The first is the doctrine of standing. The Supreme Court held in a 2015 case that “legislators whose votes would have been sufficient to defeat … a specific legislative Act have standing to sue if that legislative action goes into effect … on the ground that their votes have been completely nullified.” The Democratic-led House would argue that the president’s decision to fund the border wall is essentially a “legislative act” beyond his authority, and thereby “completely nullified” House members’ votes. But not all of the justices are on board with this “legislative standing” doctrine. In one of his last opinions, Justice Antonin Scalia said that “[d]isputes between governmental branches … regarding the allocation of political power” are not “cases” or “controversies” that the courts can resolve. Justice Clarence Thomas agreed. Justices Neil Gorsuch and Brett Kavanaugh, who joined the court after 2015, might well adopt the same view. If so, then the House Democrats would start out with three votes at the high court against them.

The Scalia quote is from Morrison v. Olson, a case about the independent counsel statute under the Bush 1 Administration.  It has bugger all to do with the issue of standing.  On that issue, Professor Tribe is more pertinent:


 Don't worry, I won't bore you with the distinguishing details between Morrison v Olson and USHR v. Burwell.  Justice Scalia can do that:

That is what this suit is about. Power. The allocation of power among Congress, the President, and the courts in such fashion as to preserve the equilibrium the Constitution sought to establish -- so that "a gradual concentration of the several powers in the same department," Federalist No. 51, p. 321 (J. Madison), can effectively be resisted. Frequently an issue of this sort will come before the Court clad, so to speak, in sheep's clothing: the potential of the asserted principle to effect important change in the equilibrium of power is not immediately evident, and must be discerned by a careful and perceptive analysis. But this wolf comes as a wolf.

I

The present case began when the Legislative and Executive Branches became "embroiled in a dispute concerning the scope of the congressional investigatory power," United States v. House of Representatives of United States, 556 F.Supp. 150, 152 (DC 1983), which -- as is often the case with such interbranch conflicts -- became quite acrimonious. 

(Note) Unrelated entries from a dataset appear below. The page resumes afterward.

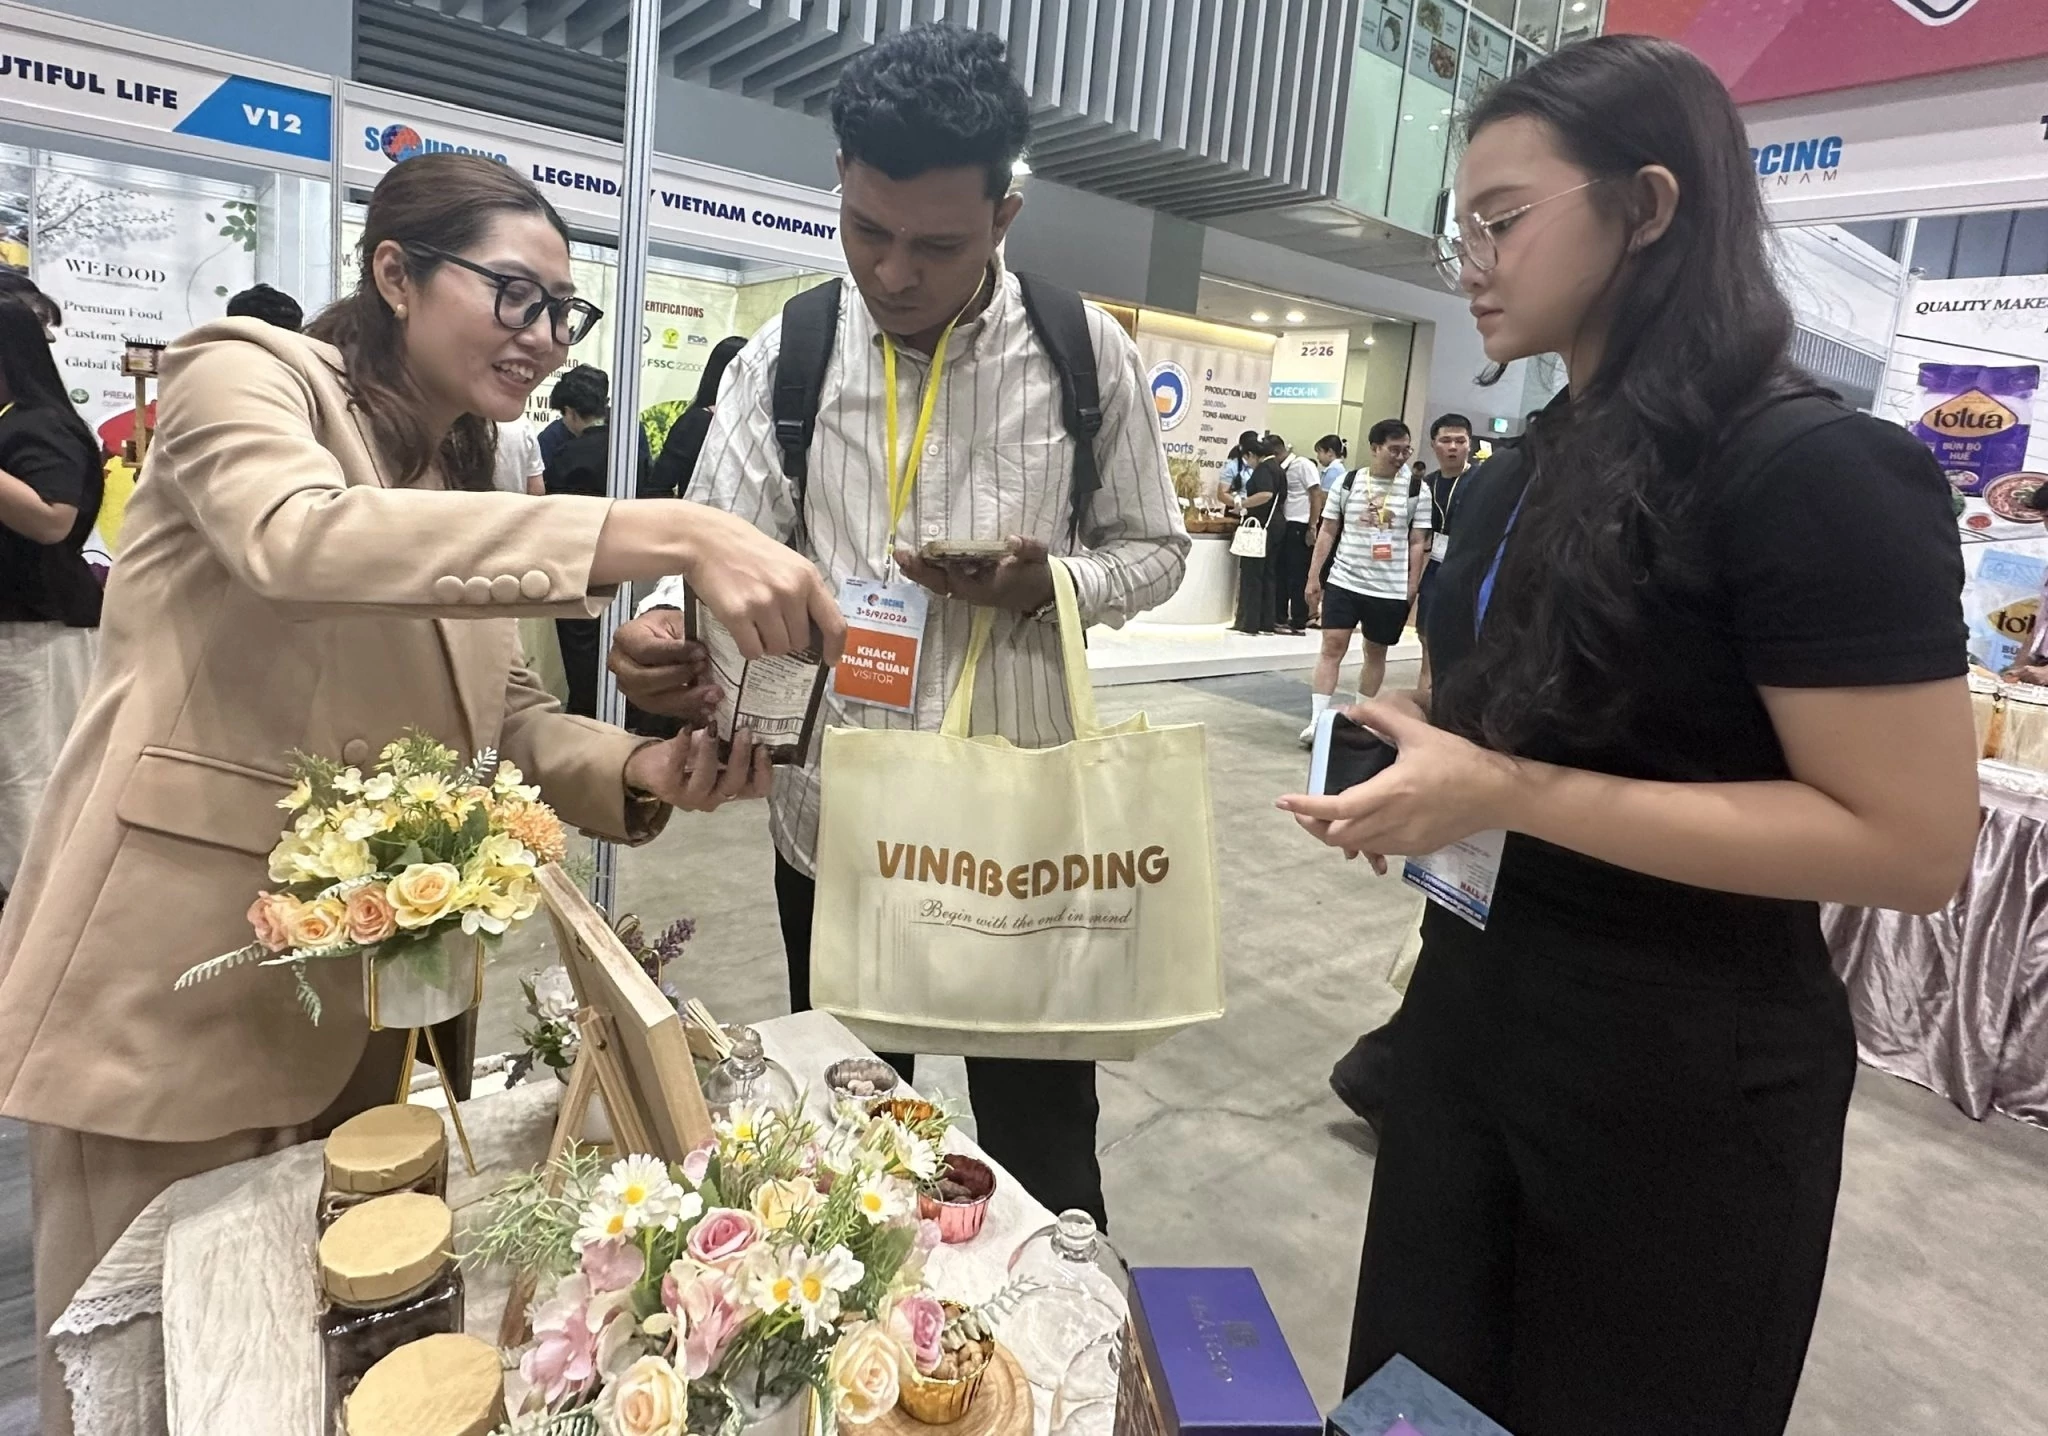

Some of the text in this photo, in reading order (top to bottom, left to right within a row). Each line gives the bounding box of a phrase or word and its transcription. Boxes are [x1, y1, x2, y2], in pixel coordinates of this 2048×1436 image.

[117, 79, 178, 110] LIFE
[242, 103, 302, 135] V12
[661, 190, 746, 223] VIETNAM
[752, 210, 837, 241] COMPANY
[64, 300, 164, 321] Premium Food
[1915, 299, 1991, 315] QUALITY
[64, 327, 116, 342] Custom
[65, 357, 107, 371] Global
[647, 358, 675, 370] FSSC
[1206, 369, 1213, 381] 9
[1204, 385, 1240, 397] PRODUCTION
[1241, 388, 1257, 400] LINES
[1273, 386, 1318, 397] CHECK-IN
[1202, 410, 1247, 422] TONS ANNUALLY
[1199, 435, 1229, 445] PARTNERS
[856, 607, 908, 624] 3-5/9/2026
[841, 654, 910, 676] THAM QUAN
[851, 668, 895, 685] VISITOR
[877, 840, 1170, 900] VINABEDDING
[920, 899, 972, 926] Begin
[976, 915, 1008, 930] with
[1012, 914, 1034, 930] the
[1068, 909, 1084, 922] in
[1089, 908, 1133, 925] mind
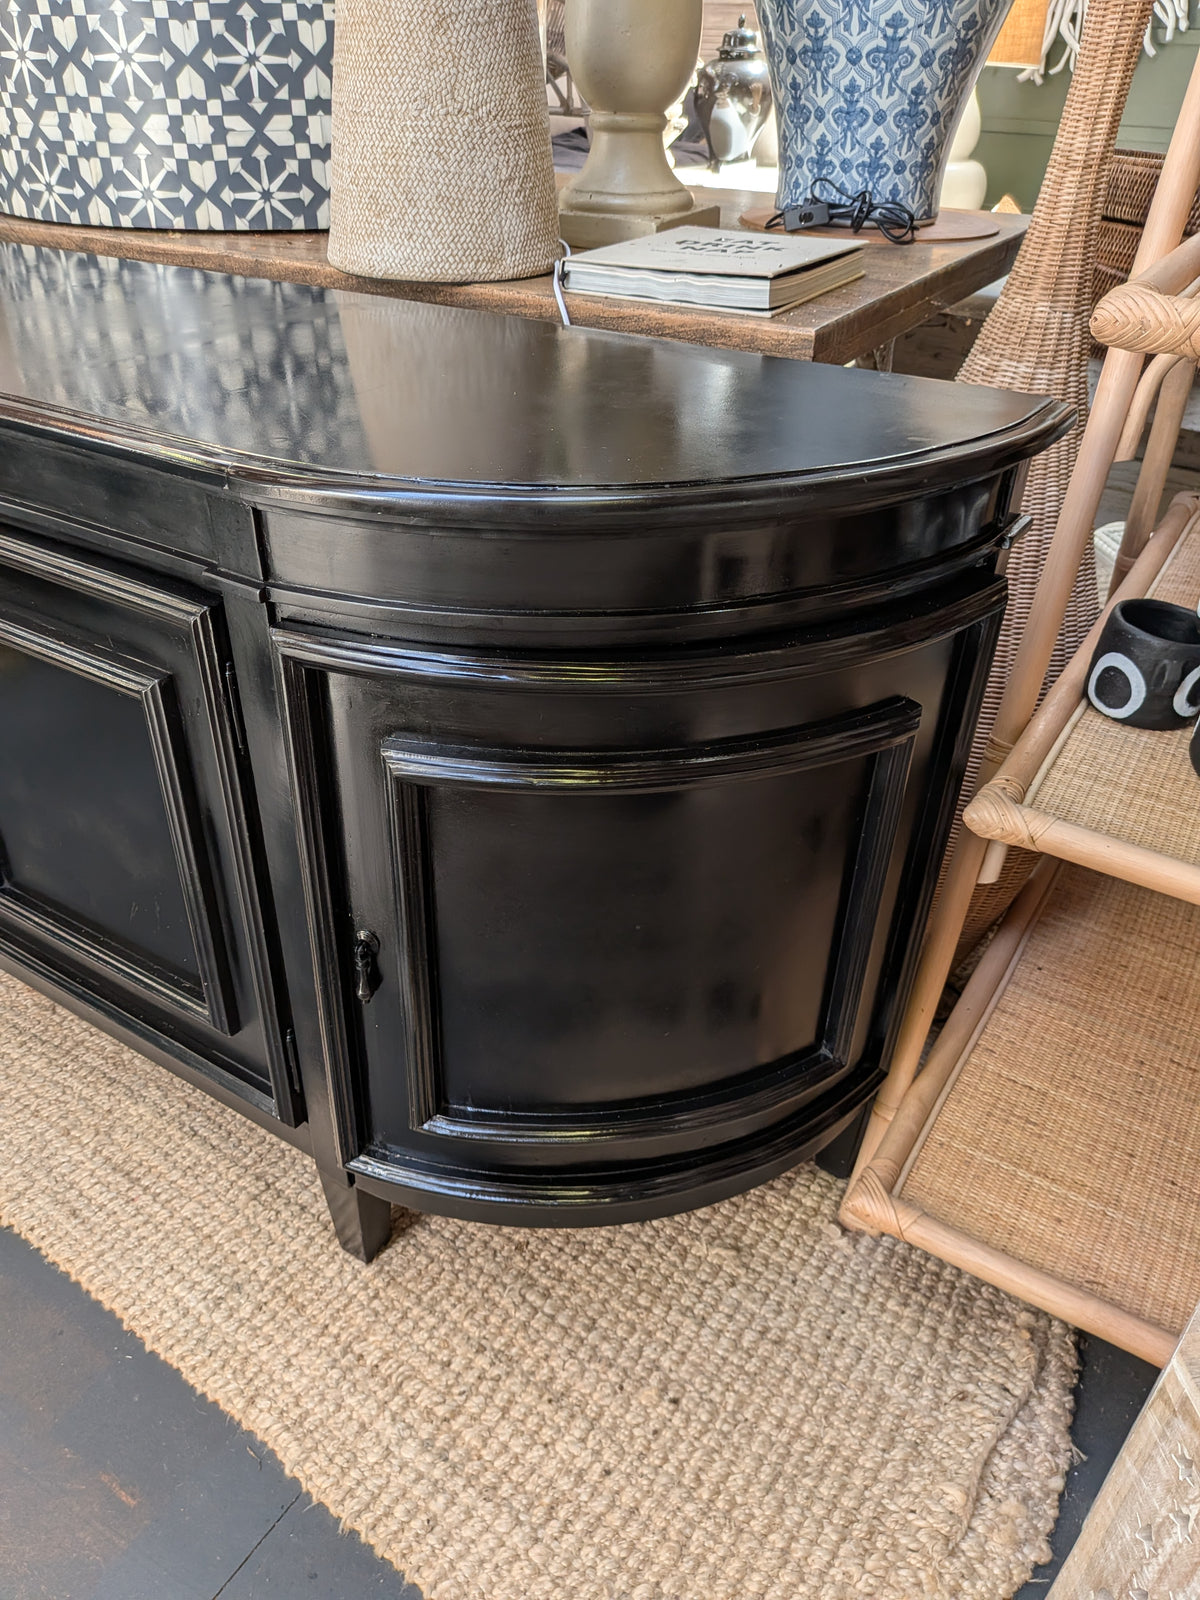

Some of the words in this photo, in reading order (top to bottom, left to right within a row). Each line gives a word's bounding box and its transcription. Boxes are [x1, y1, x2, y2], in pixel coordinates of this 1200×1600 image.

That's Scalia's dissent, which has no precedential value*; and obviously the facts of the case have nothing to do with usurping the Art. 1 authority of Congress to allocate governmental funds from the Treasury.  It has, as I say, nothing whatsoever to do with the question of standing.  That Slate's article doesn't understand that, just points out what poor legal reasoning the argument of that article is built on.  The suit that will make its way to the Supreme Court (several are expected to be filed, which wins the race nobody knows) will be precisely about "the allocation of power among Congress, the President, and the courts in such fashion as to preserve the equilibrium the Constitution sought to establish."  Many parties are bringing many lawsuits, and the likelihood is all of them will have standing.  As for what Scalia says in that quote from the opening of his dissent, it doesn't seem like much a leap to me to start there, and find against the President's claims of his "emergency powers."

So, should Pelosi have inserted language into the bill funding the rest of government operations saying "NO YOU MAY NOT SPEND MONEY ON A WALL!," preferably in all caps so the President couldn't miss it?  Professor Tribe has the correct legal answer to that, in the tweet at the top of this post.  Will the Court ignore precedent and standards of statutory construction and Constitutional law on the separation of powers and the plain language of Art. 1?  Maybe; but not likely.  John Roberts simply doesn't want to preside over that court, and he would likely be the 5th vote against Trump.  Or, referring again to Professor Tribe:
No, it doesn't make me feel any better that we're forced to rely on the Courts to pull our fat out of the fire.  But what I wouldn't give for a world in which opinions on the law were given only by people with knowledge of the law, and not even Tom, Dick and Harry with internet access.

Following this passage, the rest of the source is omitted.